Page 49 of Lady Killer

All of the Blackwells were disgustingly good looking, but Everest’s beauty was almost unearthly.

His cheek and jawbones were sharp enough to cut diamonds, and he wore his white-blond hair long enough on top that it fell carelessly over his pale blue eyes. I always questioned how people could wear their hair like that and not be driven mad. Everest had me wondering if they were all high-functioning sociopaths.

“I was—‍”

“Breaking into Locke’s office?” He cut me off, his head tilted to the side while his eyes remained focused on me. “Yes, I know.”

I swallowed.

“It’s a trap, you know. You can see that, right?” His tone was earnest, void of the usual mania I had come to associate with the self-proclaimed serial killer.

“What’s a trap?” I said, straightening my spine, admitting to nothing.

He took a step closer and lifted his chin toward the door. “The lock is simple enough. But the alarm that gets triggered when you enter and fail to immediately swipe a magnetized pass is much harder to disarm. Not to mention the security cameras he keeps in there.”

Blood rushed through my head, and I began to deflate, mortified. I hadn’t considered a trap, but I should have.

Once again, I let my emotions get the better of me with Locke.

“Oh, no. Don’t look so sad, Starbright.” Everest stepped in to lift my chin with his fingers.

His eyes were big with concern, an expression that looked wholly unnatural on him. Before I could stop myself, a strangled giggle slipped from between my lips.

I want to kiss his worries away. The self-proclaimed serial killer extraordinaire.

Everest’s expression shifted in an instant, a wide-set smile engulfing his face, showcasing his perfectly straight, white teeth.

“Lucky for us, I have the key,” he said, stepping around me and pulling a key ring from his pocket with a flourish.
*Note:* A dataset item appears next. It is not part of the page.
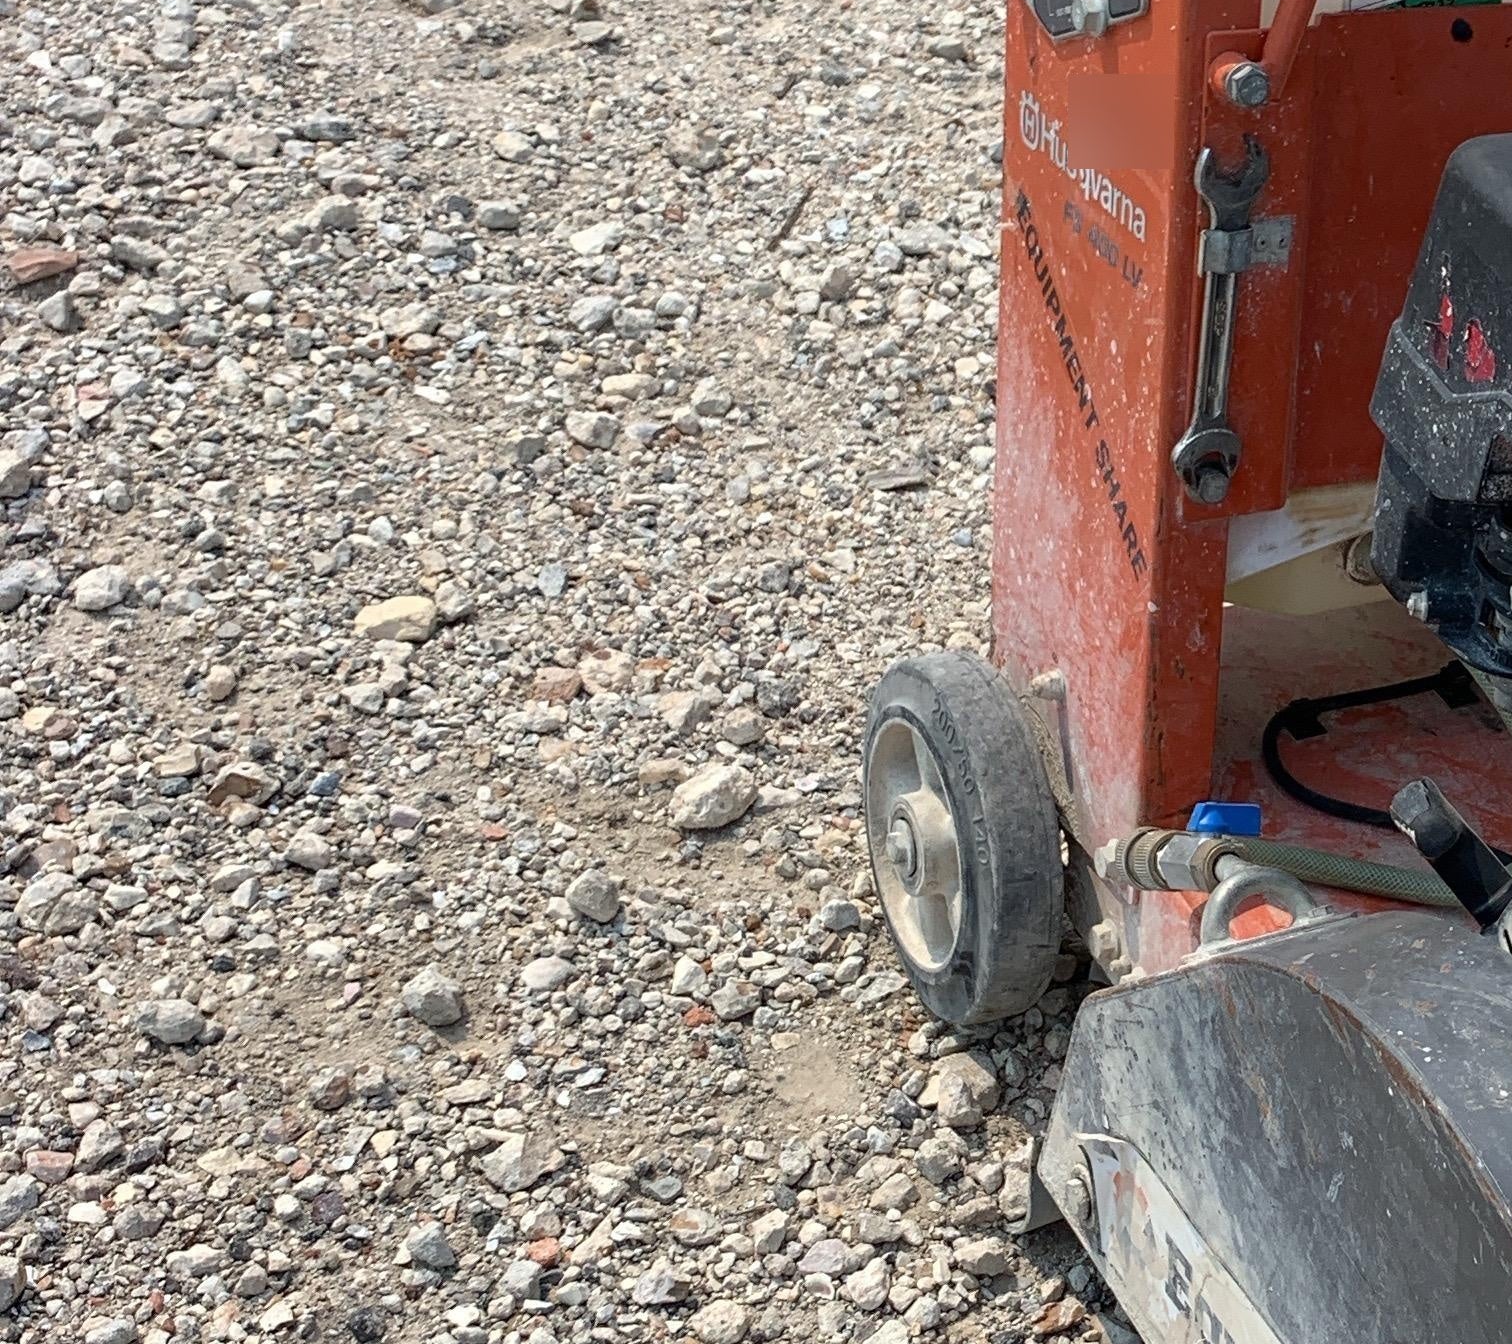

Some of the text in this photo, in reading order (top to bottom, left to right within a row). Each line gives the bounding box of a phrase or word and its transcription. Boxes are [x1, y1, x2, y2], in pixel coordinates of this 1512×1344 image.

[1015, 201, 1146, 582] EQUIPMENT SHARE
[972, 816, 990, 865] 140
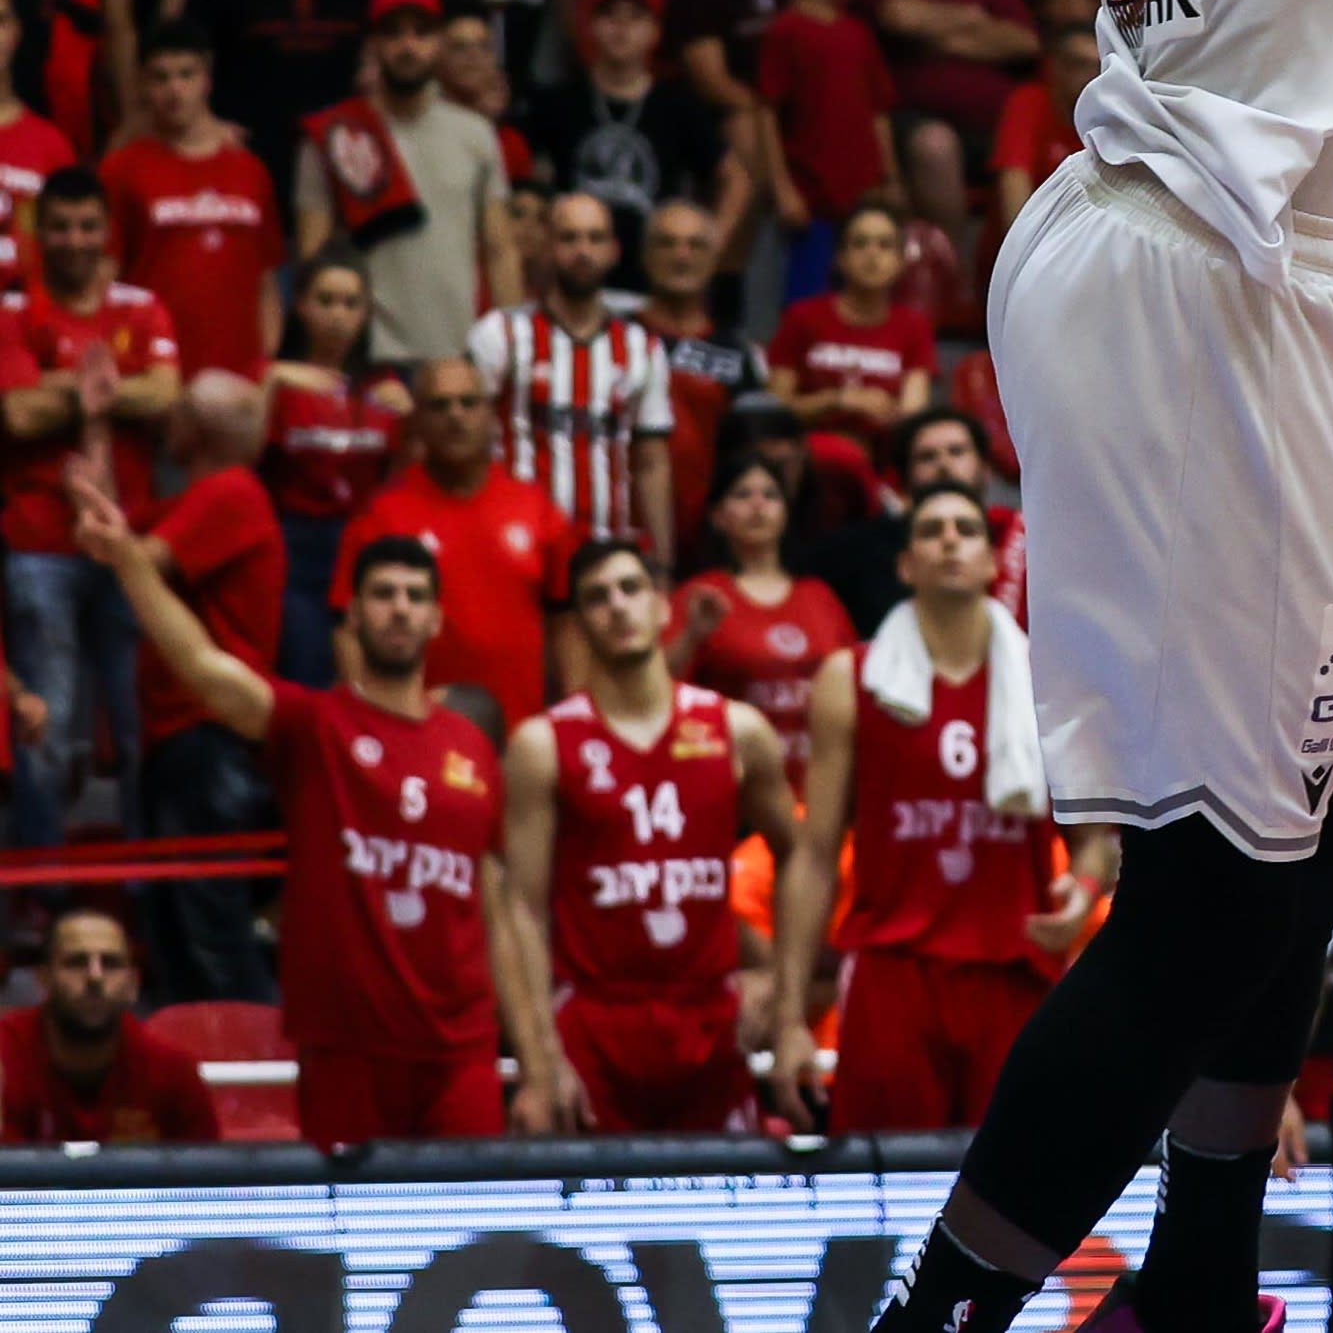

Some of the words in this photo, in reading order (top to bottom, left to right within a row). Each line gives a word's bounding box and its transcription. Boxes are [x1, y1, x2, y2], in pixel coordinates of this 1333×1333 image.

He whistled a catchy riff as he unlocked the door with a practiced ease before swiping the passkey against a small black box on the wall. The blinking red light on it turned green.

That hadn’t been there the last time I was in Locke’s office.

“Woo-hoo,” he said, turning to face me, looking pleased as pie. Holding the door open with one arm, he bowed theatrically. “Ladies first.”

Locke occupied a spacious corner office that looked more like it belonged at a Fortune 500 company’s headquarters.

“So,” Everest said as he hoisted himself onto the modern blackwood desk, pulling up his legs and then crossing them to sit in the middle of it. “What’s the plan now?”

“What about the cameras?”

“Only activated when you don’t swipe the passkey. Locke wouldn’t want cameras recording when he was in here. That would be an invasion of his privacy.”

“All that for an economics professor?”

Everest leaned forward with his elbows on his knees, and I found myself taking one . . . two . . . three steps closer to him.

There was something magnetic about his madness.

“For the inquisitor of the Blackwell family, love,” he said, peering deep inside me with those ice-blue eyes. “Locke doesn’t bring family business here, but that hasn’t stopped the occasional idiot with a death wish from breaking in looking for something.”

“And you have a key because?”

“I go where I need to be.”

He reached forward to stroke my jaw before pulling his hand back.

Not long ago, I flinched at this man’s touch. Now, I wished he would do more.